↓↓↓
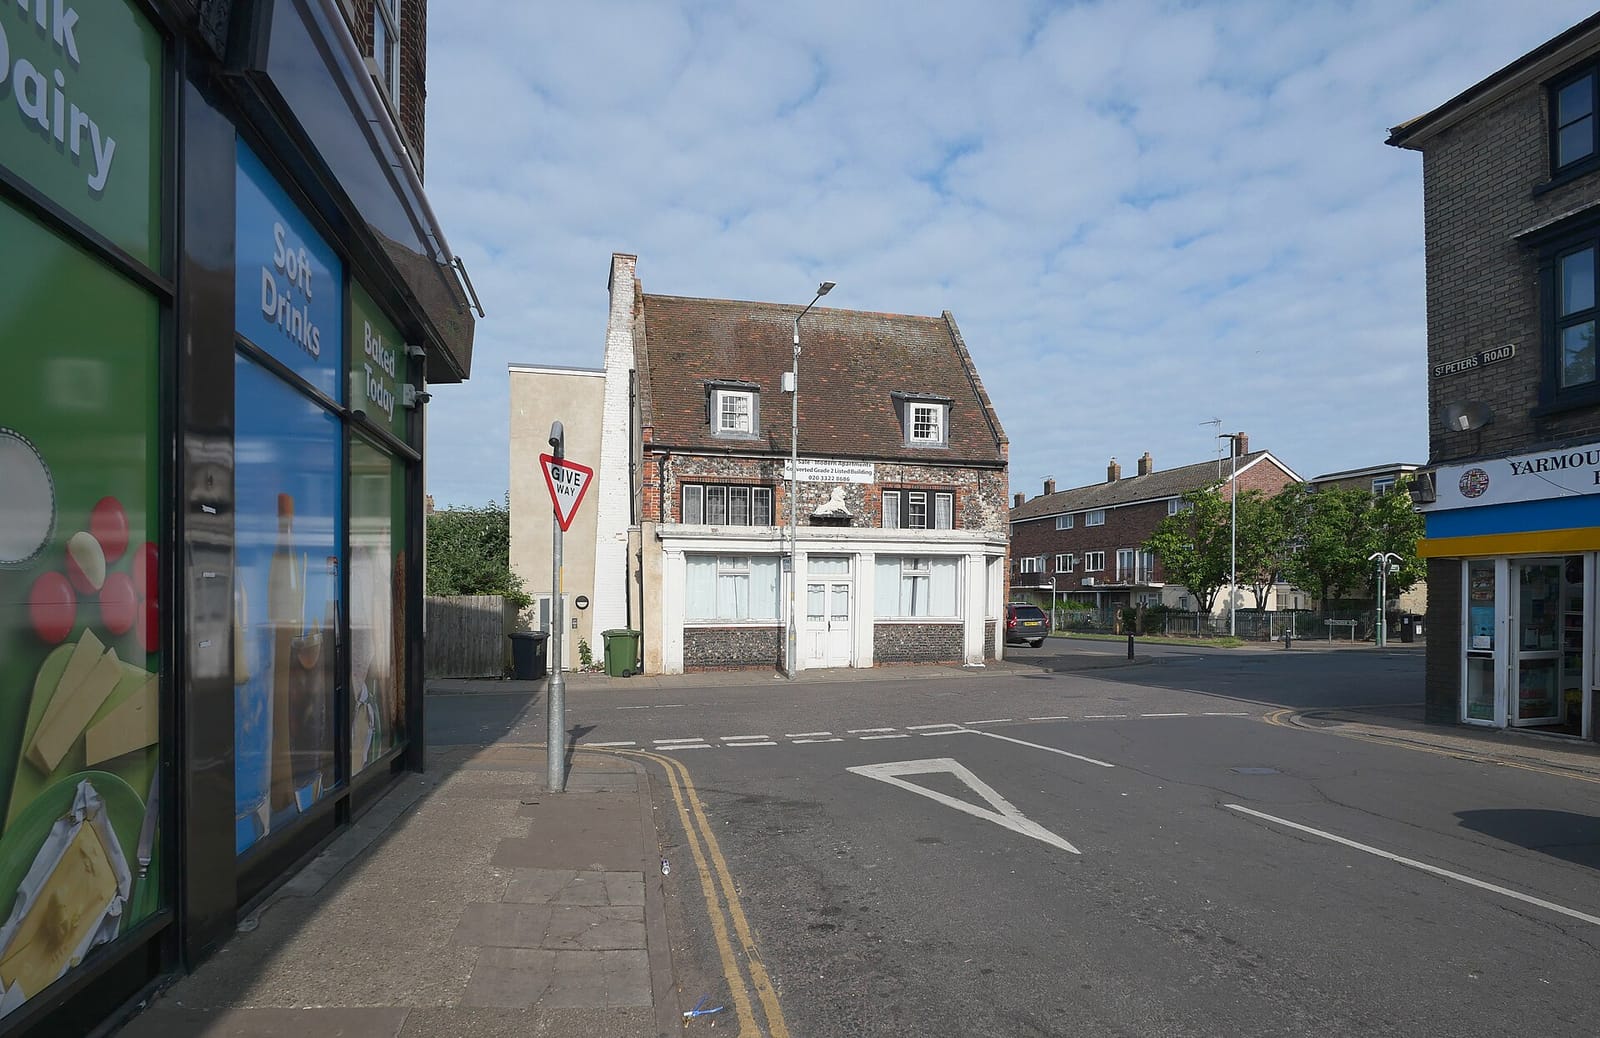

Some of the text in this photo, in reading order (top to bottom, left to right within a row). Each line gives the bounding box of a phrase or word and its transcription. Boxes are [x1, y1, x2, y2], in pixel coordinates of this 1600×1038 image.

[0, 20, 116, 191] airy
[273, 222, 312, 299] Soft
[262, 266, 320, 356] Drinks
[364, 321, 395, 378] Baked
[1445, 356, 1478, 374] PETERS
[1483, 347, 1510, 363] ROAD
[364, 363, 395, 421] Today
[551, 466, 581, 486] GIVE
[556, 483, 576, 497] WAY
[851, 469, 872, 477] Building
↑↑↑
▶ _Instructions to follow_
Each entry above must be restated word for word; the pictures stay out of the copy.

▶ _The answer_
Some of the text in this photo, in reading order (top to bottom, left to right within a row). Each line gives the bounding box of a phrase or word and its transcription. Boxes are [x1, y1, x2, y2], in pixel coordinates of this 1600×1038 image.

[0, 20, 116, 191] airy
[273, 222, 312, 299] Soft
[262, 266, 320, 356] Drinks
[364, 321, 395, 378] Baked
[1445, 356, 1478, 374] PETERS
[1483, 347, 1510, 363] ROAD
[364, 363, 395, 421] Today
[551, 466, 581, 486] GIVE
[556, 483, 576, 497] WAY
[851, 469, 872, 477] Building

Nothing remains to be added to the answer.